Sentados en los bancos de una iglesia, nuestros catequistas desde el inicio de nuestra formación cirstiana nos han enseñado que Dios es amor (1 Jn 4,8), y seguramente en nuestra imaginación surgieron tantas imágenes asociadas a la ternura divina. Sin embargo, el evangelio de este domingo 14 de agosto (Lc 12,49-53), nos deja con la boca abierta: «He venido a prender fuego a la tierra, ¡y cuánto deseo que ya esté ardiendo», ¿Cristo que dice que ha venido a «prender fuego a la tierra» y que incluso desea «que ya esté ardiendo»? ¿Qué puede uno pensar? ¿Que Dios está a favor de las armas? ¿Cristo es el nuevo “libertador-guerrillero”?

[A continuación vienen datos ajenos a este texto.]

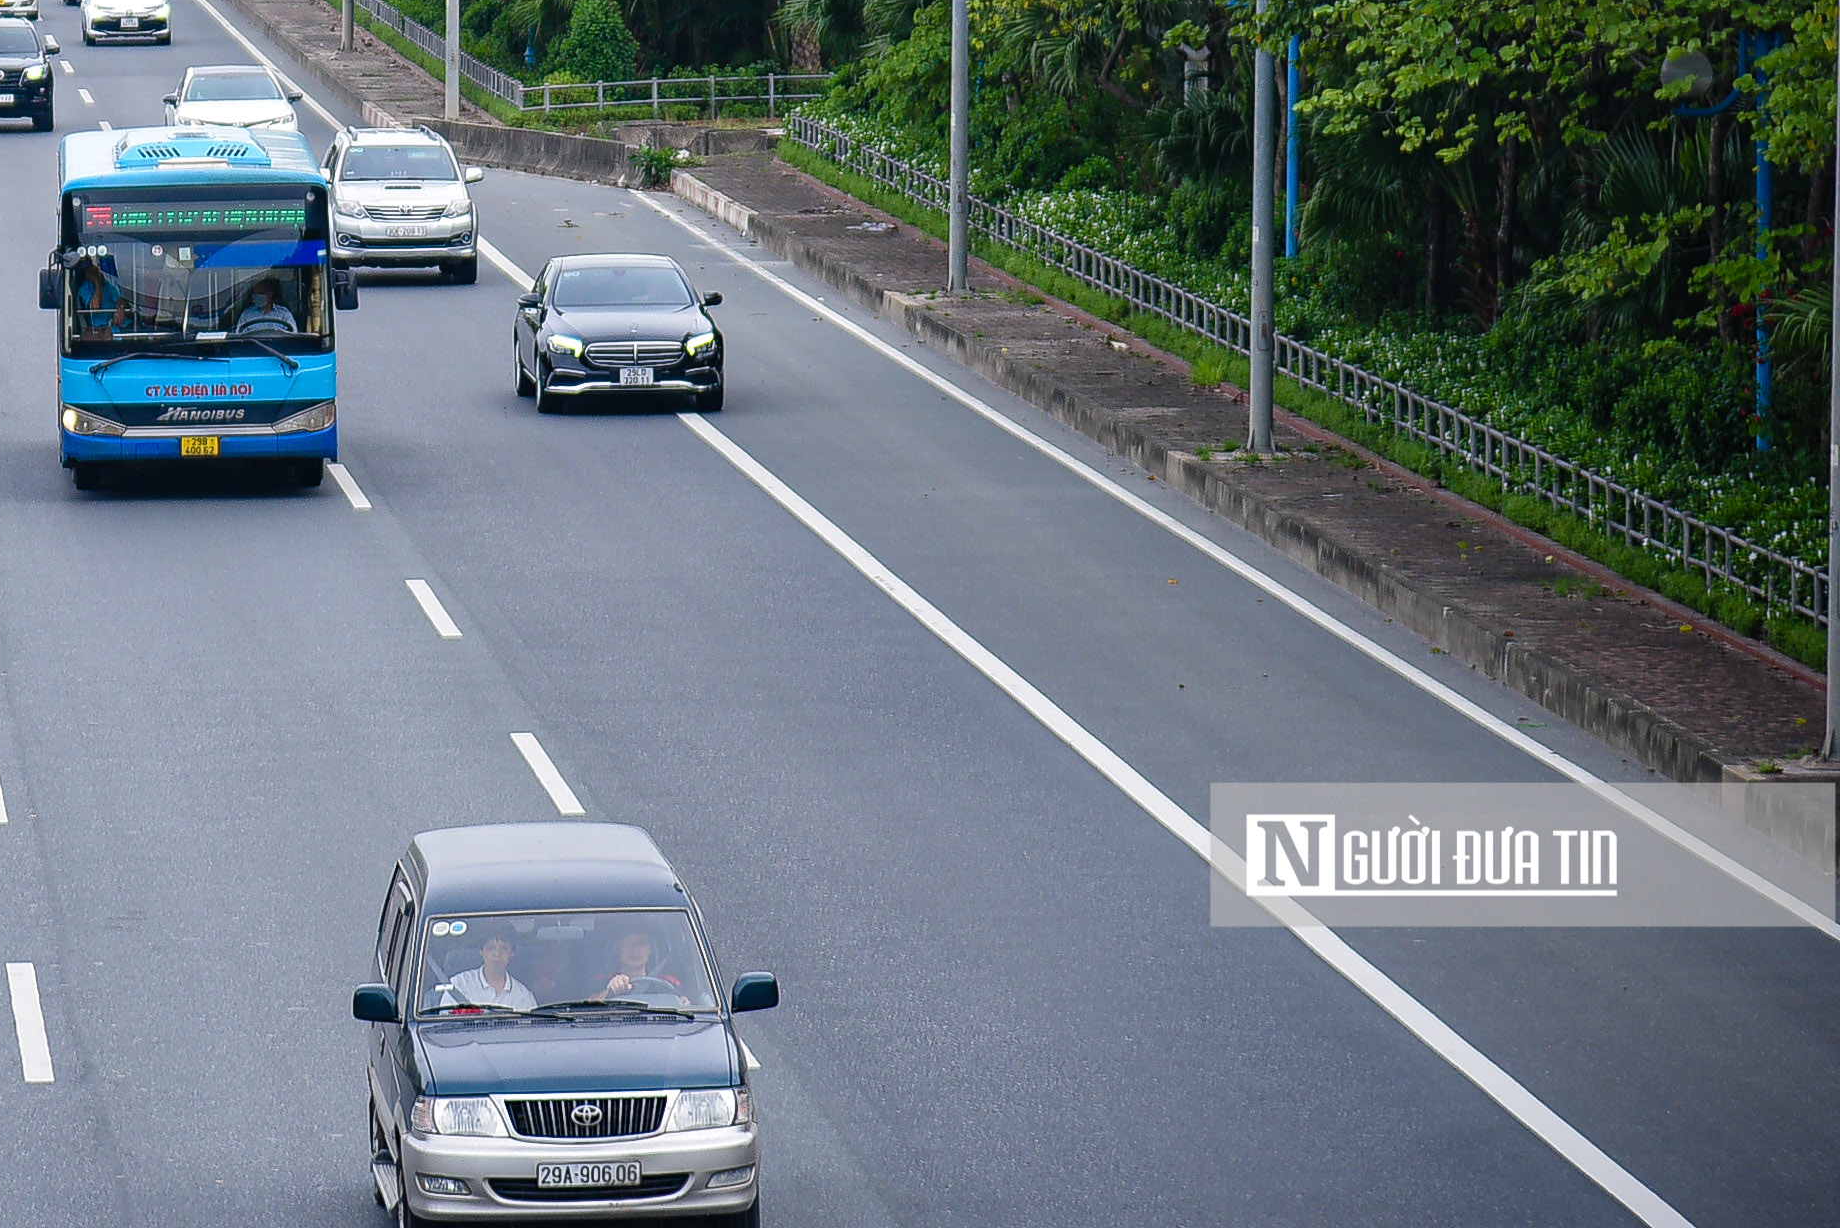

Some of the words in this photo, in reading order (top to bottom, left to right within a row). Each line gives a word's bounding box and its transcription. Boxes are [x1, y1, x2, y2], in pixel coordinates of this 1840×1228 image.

[145, 385, 161, 397] CT
[163, 385, 178, 396] XE
[181, 383, 209, 399] ĐIỆN
[212, 382, 227, 396] HÀ
[230, 380, 252, 399] NỘI
[156, 406, 245, 421] HANOIBUS
[191, 437, 208, 446] 29B
[541, 1164, 638, 1184] 29A-906.06

Quien así piensa razona desde el plano meramente racional, humano, con un sentido terrenal. Y no creo que el Evangelio se deba leer con esa perspectiva meramente humana.

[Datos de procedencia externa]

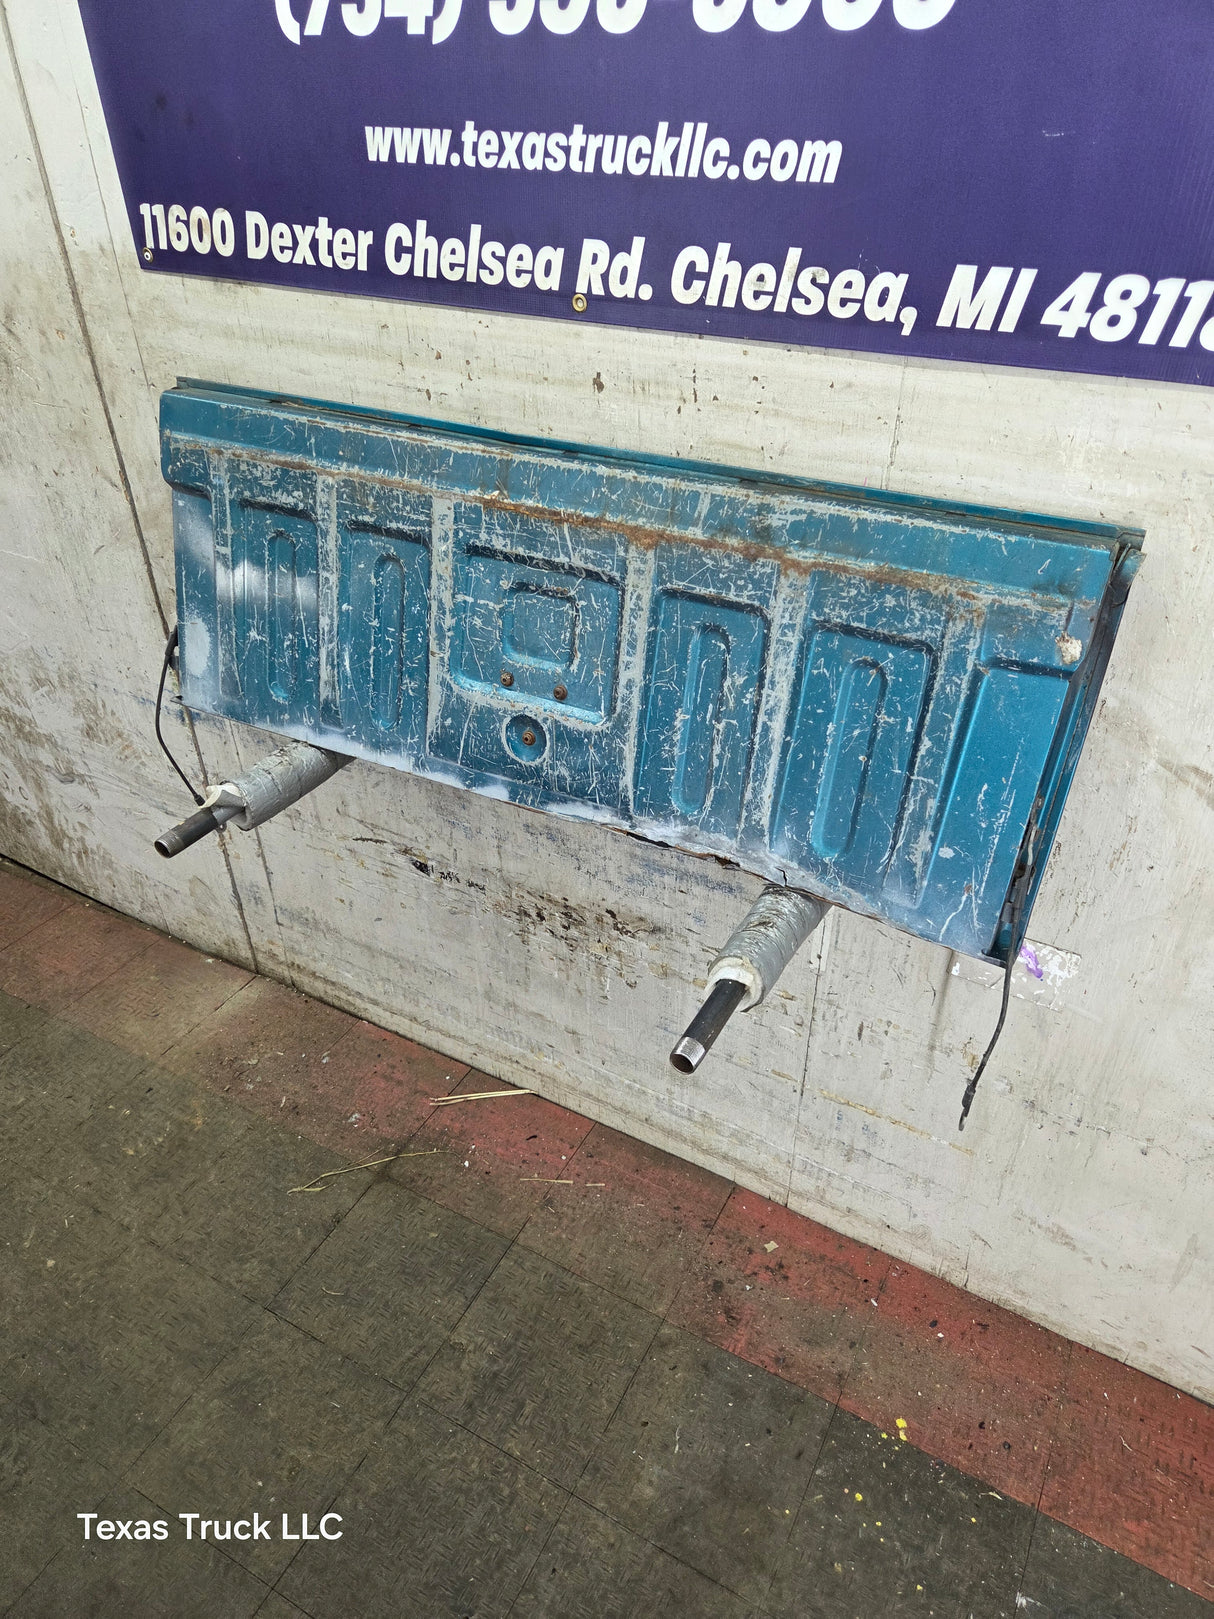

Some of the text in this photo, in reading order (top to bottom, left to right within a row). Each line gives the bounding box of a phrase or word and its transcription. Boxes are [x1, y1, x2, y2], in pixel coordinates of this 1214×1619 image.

[364, 120, 843, 184] www.texastruckllc.com
[139, 202, 1214, 352] 11600 Dexter Chelsea Rd. Chelsea, MI 4811

Cristo habla de división y guerra. El hombre, como sabemos y se nos ha enseñado, es libre, goza de ese privilegio que las criaturas jamás podrán tener. Y si Dios nos creó libres, es consecuencia que respete nuestra libertad y los efectos que de nuestra libertad se originen. El hombre ante el dilema de la vida virtuosa y la vida viciosa, no siempre escoge el bien y la vida ética. Decide por iniciativa propia sabiendo o no las consecuencias que derivarán de sus acciones. Y sus decisiones tantas veces no son buenas. El texto sagrado nos da testimonio de ello desde las primeras páginas del texto sagrado. ¿No es Caín quien mata a su hermano?
Después del destierro originario, después de haber comido del fruto prohibido, cuando, siempre según la narración del Génesis, entra el mal en el mundo.
Guerras, asesinatos, violencias, desengaños, traiciones, suicidios se sucederan en la páginas de la historia humana.
«He venido a prender fuego a la tierra», no puede significar que una fogosa invitación a la lucha del alma, a la lucha contra los poderes de la seducción del mal. El fuego nos dicen los exegetas es sinónimo de purifiación, signo de renovación, iniciación, nueva vida y también de forja de temple, de robustecimiento interior.
Cristo desea que arda esta lucha, porque solo quien emprende las armas del espíritu, como la oración y misericordia hacia el prójimo, podrá inciar un camino que durará toda la vida.
Ahora el bien no descansa y por eso la segunda persona de la Trinidad nos pone en guardia, porque en momentos de la vida, incluso dentro de la familia, se sentirá el olor del pecado, de la putrefacción de las almas que han optado por el mal. Por eso espera que el mundo arda. Y él mismo se consume interiormente por ver que arda el mundo, pero de ese fuego que viene del Espíritu.
Y aquí está el segundo elemento fundamental: la obra del Espíritu en cada alma.
Y es que en la vida espiritual si no se quiere caer en el pelagianismo, esas arenas movedizas del espíritu, donde se piensa que las propias fuerzas bastan para seguir adelente, y sin embargo no se avanza porque no se deja entrar al artífice del cambio: el Espíritu de Dios, el Espíritu Santo.
Es así que el salmo de este domingo nos invita a gritar ayuda, piedad y misericordia a Dios: «Señor, date prisa en socorrerme» (Sal 39,2.3;4.18). No tardes en llegar, que nuestra alma desfallece. No tardes en hacer llegar tu luz en medio de los innumerables escenarios de guerra y destrucción que aquejan incluso nustro presente. Ilumina las mentes de quienes han decidido seguir el camino del mal, de la soberbia, del poder sin límites ni control.
Se reconoce la propia impotencia en el camino del bien, con esa actitud de humildad porque se reconoce la propia debilidad y al mismo tiempo se acepta la autoridad y el poder divino. Y es que el hombre necesita del absoluto, tanta corrupción, tanto pecado, tanta malicia con la que tiene contacto, ponen en riesgo su esperanza y sus certezas. Perderse en el mal del mundo, sin trascender es dejar que las aguas pantanosas de la tristeza y la desolación poco a poco vayan carcomiendo esa luz que recibimos el día que fuimos concebidos. Sin Dios, sin ese principio absoluto de nuetra vida, sin ese referente trascendental no hay salvación. Por eso no es de extrañar que el texto sagrado también exclame «maldito el hombre que confía en el hombre» (Jer 17,5)...
Porque nuestra esperanza no pude depender de la fragilida de otro hombre que también necesita a Dios.
Tamibién nosotros estamos deseosos de que el mundo arda, de que inicie esa lucha por conquistar almas virtuosas, almas con esperanza, almas que nunca dejen desear el amor, esa arma poderosa que nos unirá siempre con el Creador que también es amor, y en donde un día esperamos también gozar.